Graphic Narrative

This course will examine form and theme in the graphic narrative. Focusing on a small group of contemporary memoirs and novels, we will also analyze some antecedents, such as the early twentieth-century 'wordless novel'; relevant works in other media, such as documentary film; and selected secondary criticism. Topics will include: relations between word and image; constructions of time, space, and sequence; representations of gender and sexuality; depictions of memory, archive, and history.

African Literature

An introduction to African literature in English since 1960. Fiction, drama, autobiography, essays by such writers as Ama Ata Aidoo, Ayi Kwei Armah, Chinua Achebe, Buchi Emecheta, Ngugi wa Thiong'o, Chimamanda Adichie, Chris Abani, Sindiwe Magona, and Zoe Wicomb. Particular attention to themes of exile and imprisonment, political struggle before and after independence, the convergence of oral cultures and European languages, and the emergence of postcolonial and feminist discourses in contemporary Africa.

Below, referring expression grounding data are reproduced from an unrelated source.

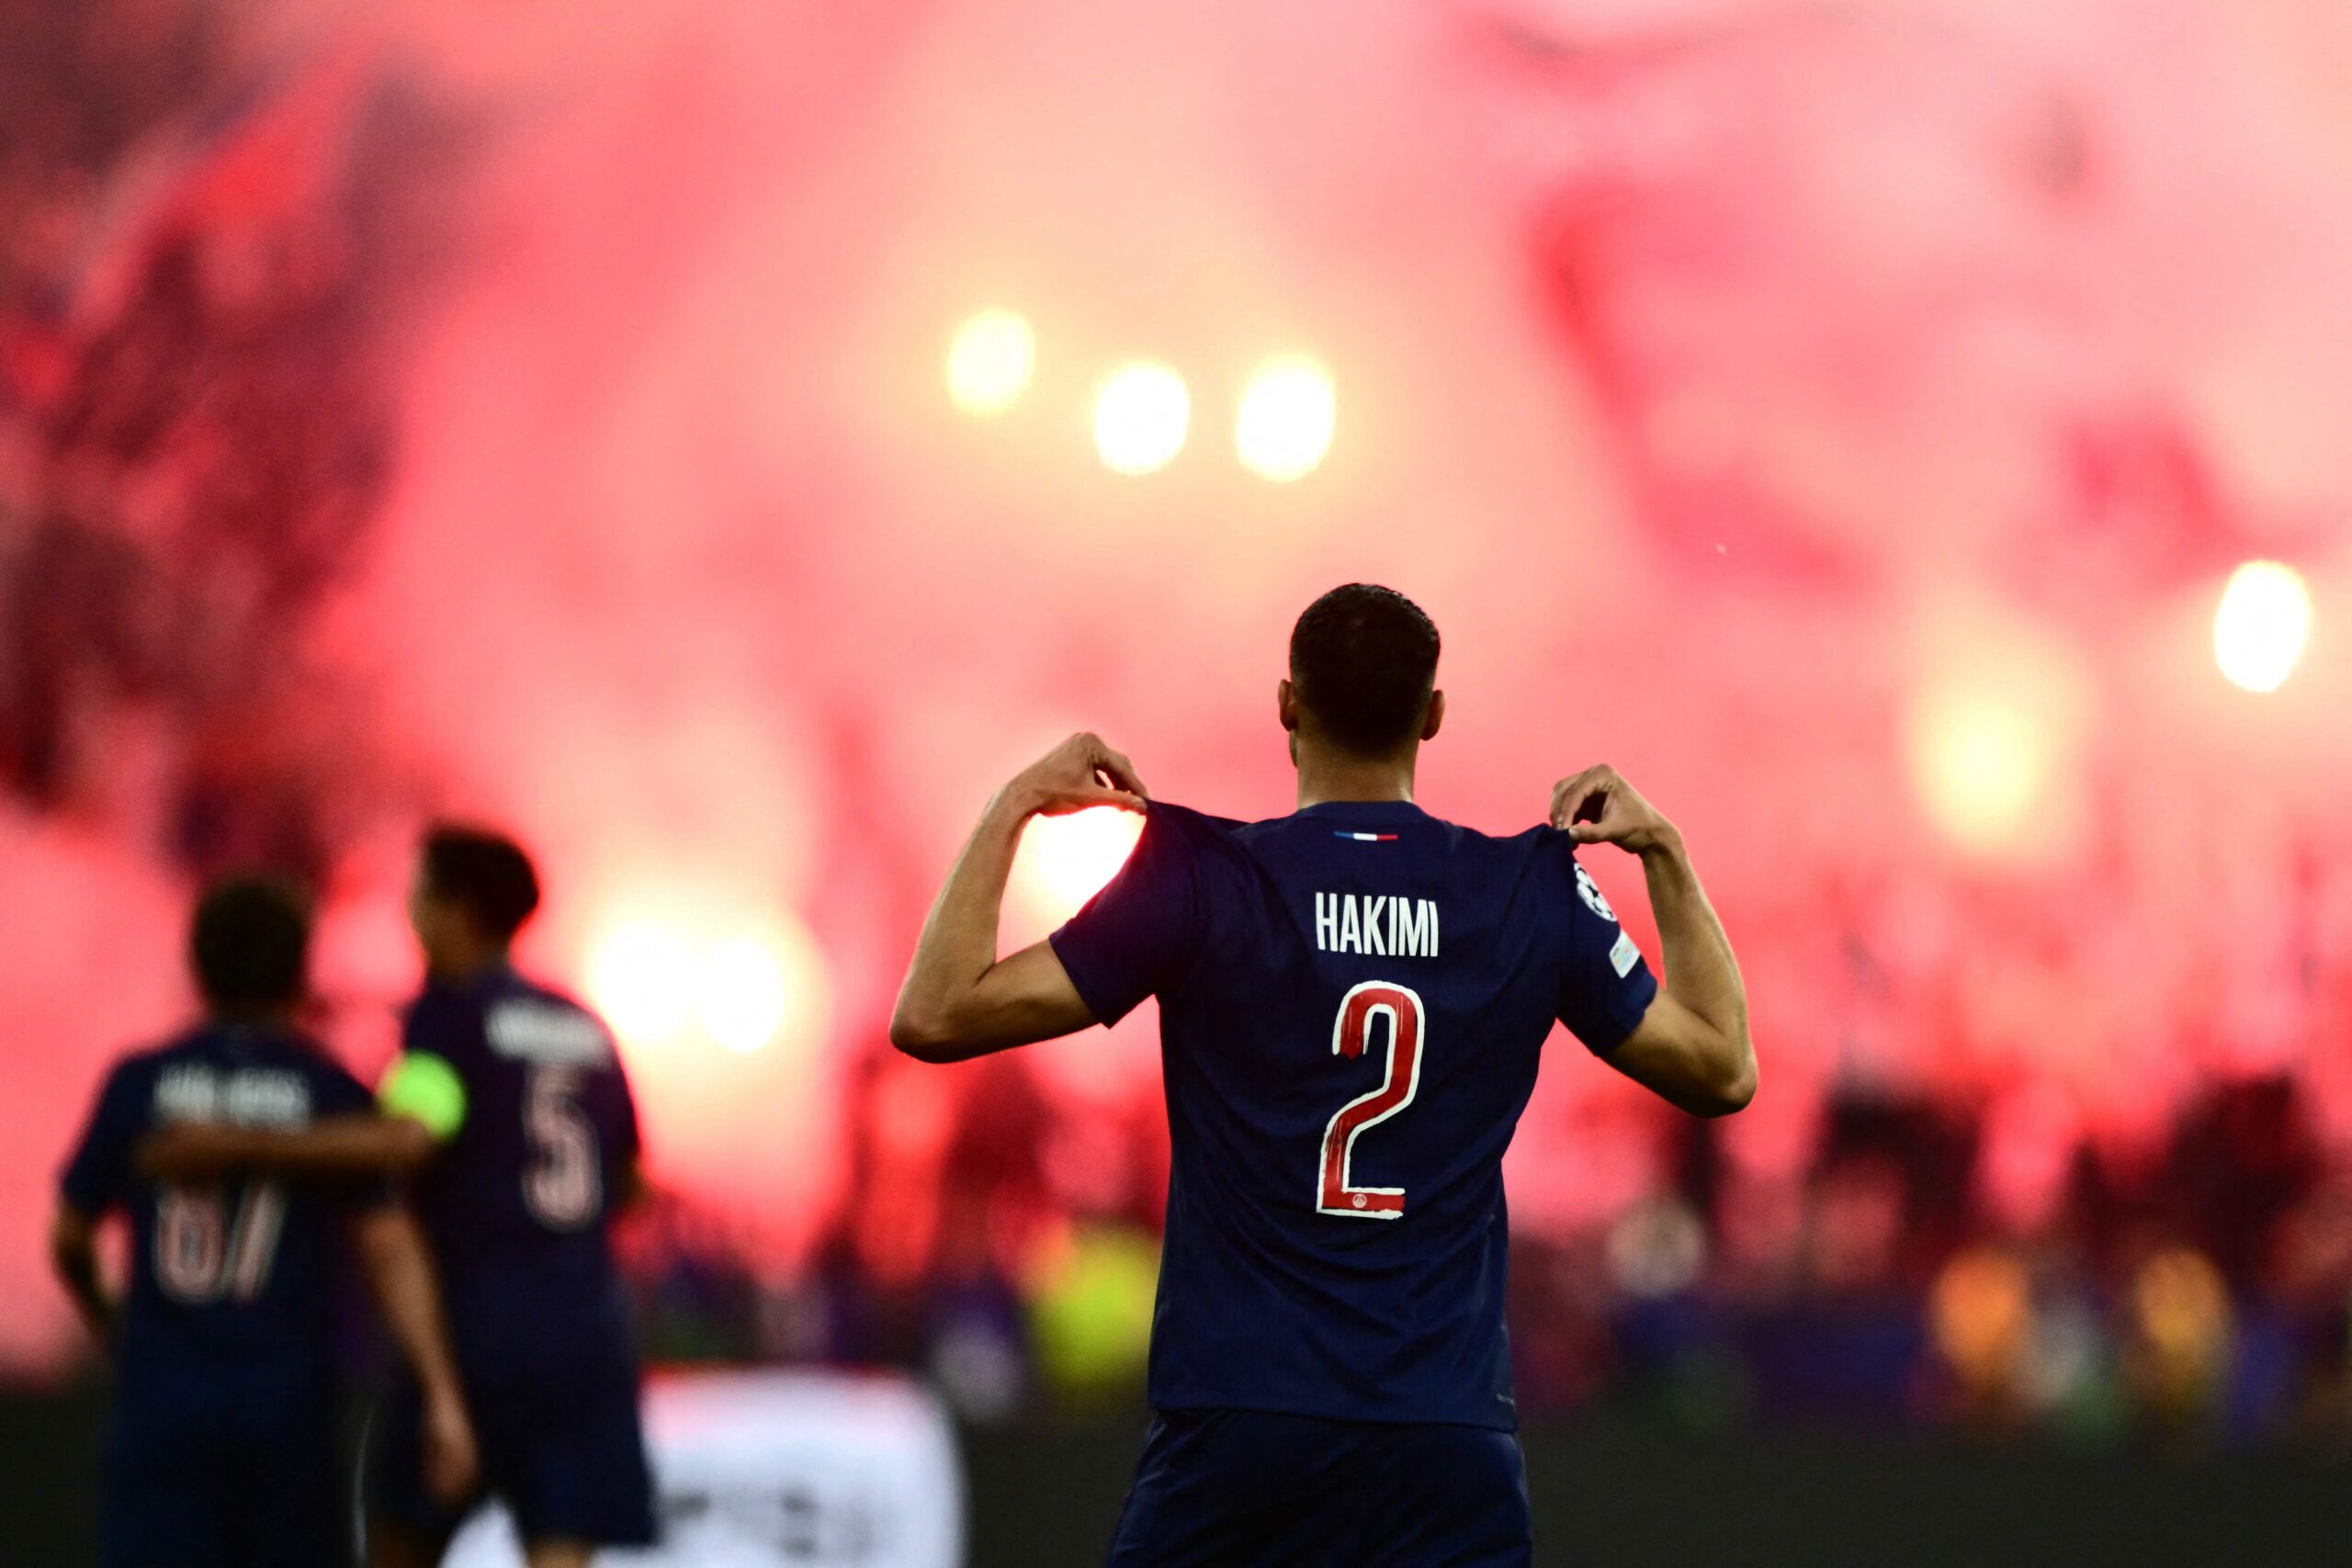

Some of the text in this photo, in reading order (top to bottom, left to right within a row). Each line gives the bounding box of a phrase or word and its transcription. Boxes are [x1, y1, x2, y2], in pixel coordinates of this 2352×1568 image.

[1315, 891, 1439, 957] HAKIMI
[522, 1060, 603, 1235] 5
[1316, 979, 1426, 1220] 2
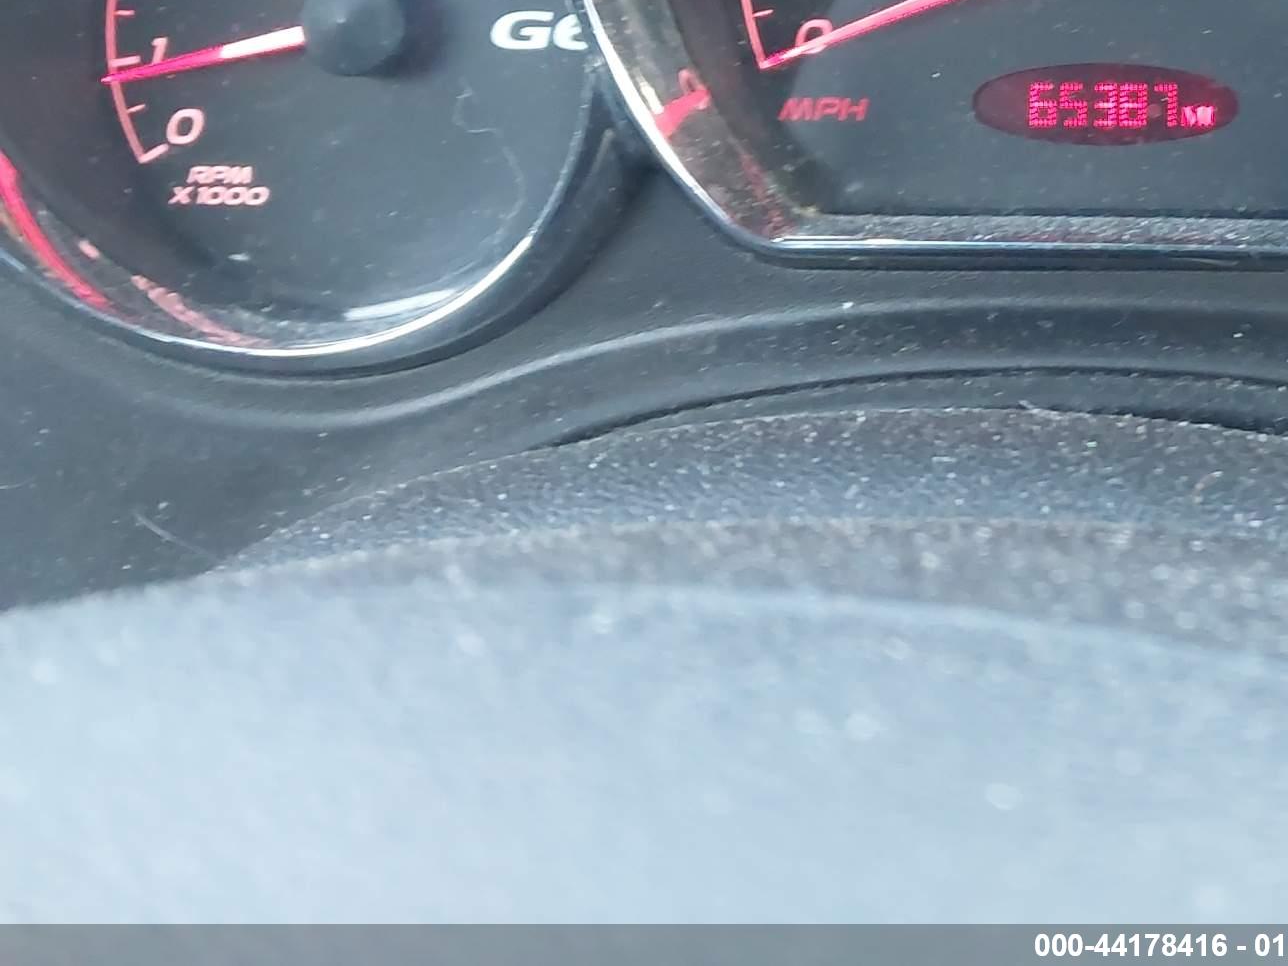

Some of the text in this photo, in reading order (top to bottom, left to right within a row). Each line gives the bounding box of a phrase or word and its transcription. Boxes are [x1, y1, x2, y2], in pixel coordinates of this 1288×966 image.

[151, 37, 168, 66] 1
[777, 97, 869, 121] MPH
[1028, 82, 1178, 128] 65387
[167, 108, 205, 145] 0
[186, 166, 253, 184] RPM

African American Literature II

This course will examine the major African American writers of the twentieth century, beginning with the poetry and prose of Paul Laurence Dunbar and ending with the fiction of Toni Morrison, John Wideman, and the poetry of Yusef Koumanyaka, Rita Dove, and others. We will discuss the strategies involved in the creation of a 'black voice' and its relationship to Anglo-American literature.

The American Essay

Throughout America's history, the essay has been a vital literary genre. From personal, religious, and confessional essays to highly political, satirical, and sometimes preposterous ones, American authors have revealed their passions and hatreds both eloquently and roughly. We will read essays from the eighteenth century to the present, concentrating on masters of the form. Authors include Ralph Waldo Emerson, Mark Twain, Henry James, James Baldwin, Joan Didion, Gore Vidal, and E. B. White.

Modern Irish Literature

This course will introduce students to the literature of modern Ireland beginning with Swift, moving through the nineteenth century, examining the Irish Literary Revival and Irish modernism, and finally contemporary drama, poetry, and fiction. We will focus on Irish women writers and their literary interventions concerning colonial history, nationalism, and Unionism. We will pay particular attention to representations of Irishness, the relationship between literature and national history, and questions of violence and representation.

Modern British Poetry

This introduction to modern British poetry pays special attention to the emergence, consolidation, and dismantling of modernist poetry and poetics. It will link this literary history with, amongst other things, the loss of faith, the two world wars, and the relationship between monumental aesthetics, utopian poetics, and totalitarian politics. Writers will include Hardy, Yeats, Eliot, H.D., and Auden.

British Romanticism

This class will examine the ways Romantic-era writers figured revolution and the reaction against it, in the wake of the French Revolution's spectacular but failed promises of liberty, fraternity, and equality for all. We will pay special attention to how British writers envisioned their own versions of freedom and equality, extending them to women, slaves, and the poor. Likewise we will explore how this project for social change was necessarily related to revolutions in language and aesthetics.

Neoliberal America

What can Brown do for you? This question captures a central theme of this course: how a word like 'Brown' evolved from a 1970s signifier of antiracist coalition building into a motto of the United Parcel Service (UPS), selling speed, efficiency, and access to networks of the global economy. Using interdisciplinary methods, we will explore the way multicultural imagery, Civil Rights discourse, and state policy have converged in the service of global capitalism. Focusing on fiction (egs. Octavia Butler, Karen Yamashita), film (egs.

Stage to Screen

A study of ten to twelve plays and their film adaptations. Plays are drawn from a range of periods and genres, and films are chosen to show the scope of adaptive approaches from filmed play to radical re-imagining. The course will include readings on the theory and history of theatre-to-film adaptations. Playwrights will likely include Christopher Marlowe, John Gay, Oscar Wilde, Bertolt Brecht, Tennessee Williams, Eugene O'Neill, Lorraine Hansberry, Edward Albee, Harold Pinter, David Mamet, and David Henry Hwang.

The Curious Middle Ages

While influenced by Augustine's warning that worldly inquiry could endanger the pilgrimage of the soul, medieval literature contains many instances of curious looking. Exploring the medieval desire to know, this course considers how the period's tendencies toward spiritual and metaphysical thought are balanced against its fascinations with the observable world. We will study the ways allegories, travel narratives, romances, and dream visions intersect with natural philosophy, historiography, cartography, and architecture.